## Required work
No pictures should appear in the copy; otherwise retype the entries exactly.

## Stored data
* * * * * * * * *

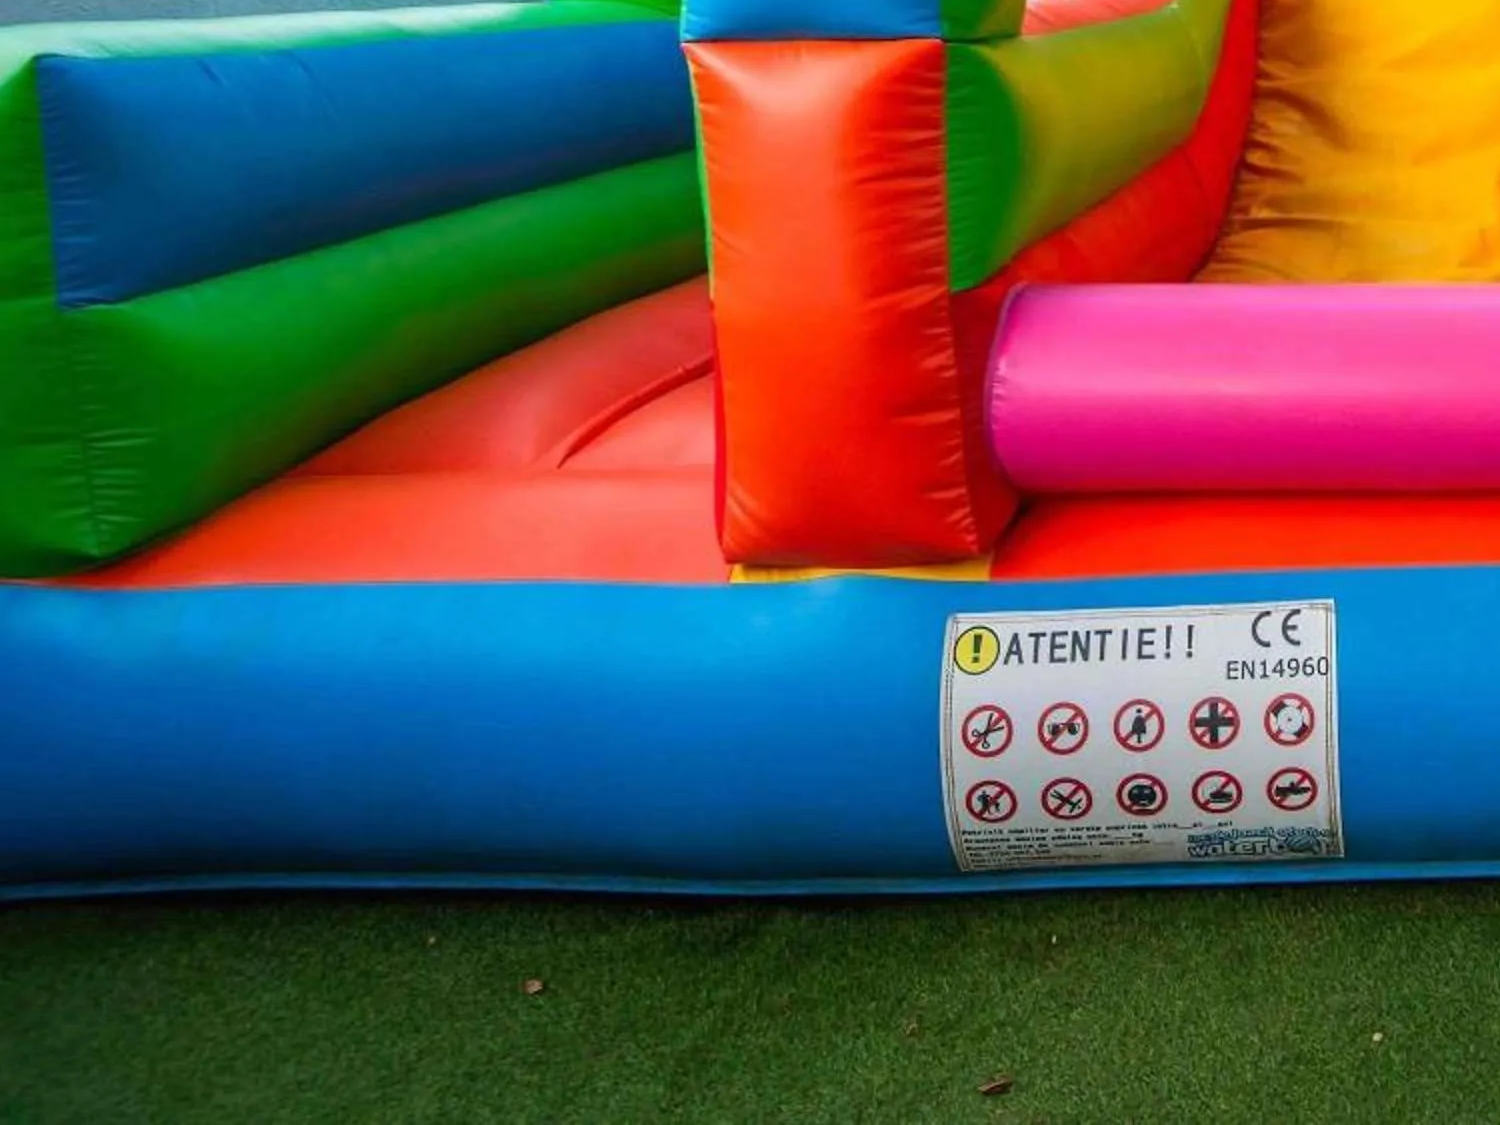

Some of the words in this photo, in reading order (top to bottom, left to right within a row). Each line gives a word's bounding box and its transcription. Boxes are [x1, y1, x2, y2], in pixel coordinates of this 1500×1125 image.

[1003, 624, 1195, 666] ATENTIE!!
[1251, 608, 1301, 648] CE
[1226, 655, 1330, 682] EN14960
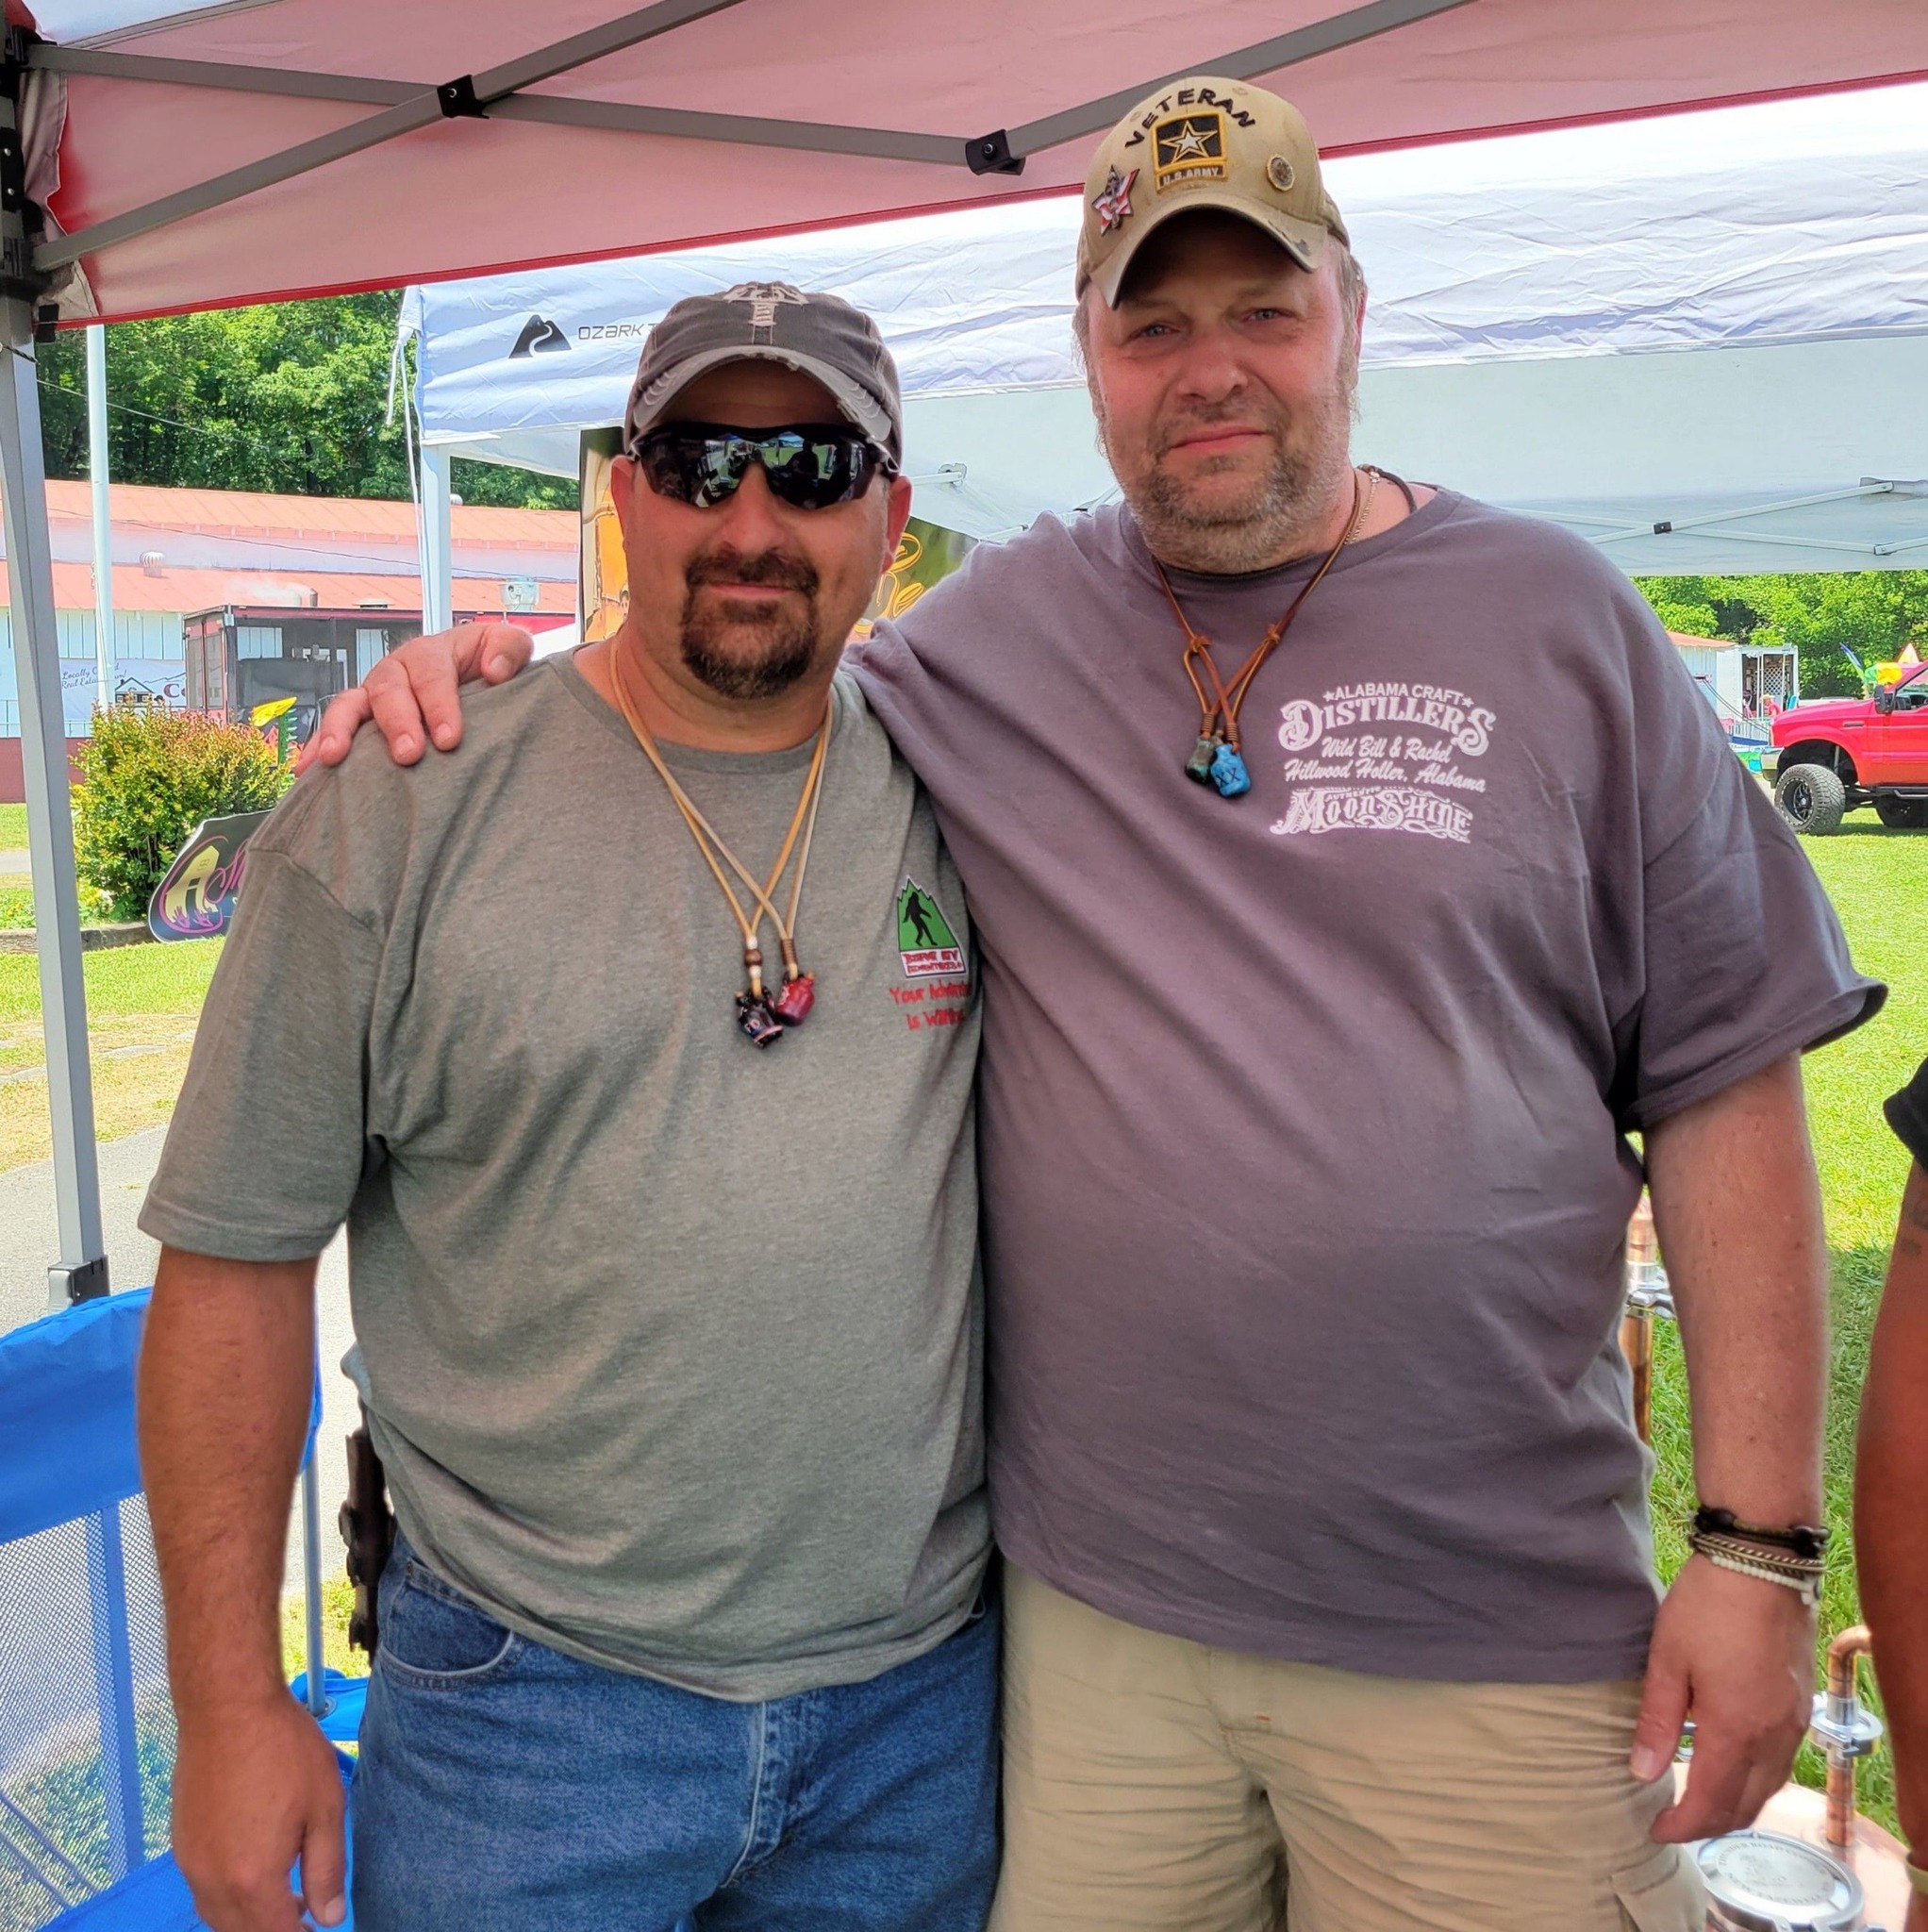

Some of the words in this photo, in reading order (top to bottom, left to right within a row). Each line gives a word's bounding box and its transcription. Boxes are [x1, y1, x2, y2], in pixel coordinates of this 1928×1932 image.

[1124, 88, 1255, 148] VETERAN
[578, 324, 644, 340] OZARK
[61, 680, 78, 690] Real
[62, 667, 90, 680] Locally
[1334, 682, 1408, 702] ALABAMA
[1411, 684, 1464, 706] CRAFT
[1278, 696, 1497, 757] DISTILLERS
[1321, 736, 1356, 758] Wild
[1357, 735, 1388, 758] Bill
[1388, 736, 1403, 758] &
[1284, 758, 1353, 782] Hillwood
[1355, 758, 1408, 782] Holler,
[1413, 762, 1487, 792] Alabama

* * * * * * * * *

## Task response
Some of the words in this photo, in reading order (top to bottom, left to right within a row). Each line gives a word's bounding box and its transcription. Boxes are [x1, y1, x2, y2], in pixel coordinates of this 1500×1125 image.

[1003, 624, 1195, 666] ATENTIE!!
[1251, 608, 1301, 648] CE
[1226, 655, 1330, 682] EN14960

Some of the words in this photo, in reading order (top to bottom, left to right within a row). Each line gives a word's bounding box and its transcription. Boxes are [x1, y1, x2, y2], in pixel coordinates of this 1928×1932 image.

[1124, 88, 1255, 148] VETERAN
[578, 324, 644, 340] OZARK
[61, 680, 78, 690] Real
[62, 667, 90, 680] Locally
[1334, 682, 1408, 702] ALABAMA
[1411, 684, 1464, 706] CRAFT
[1278, 696, 1497, 757] DISTILLERS
[1321, 736, 1356, 758] Wild
[1357, 735, 1388, 758] Bill
[1388, 736, 1403, 758] &
[1284, 758, 1353, 782] Hillwood
[1355, 758, 1408, 782] Holler,
[1413, 762, 1487, 792] Alabama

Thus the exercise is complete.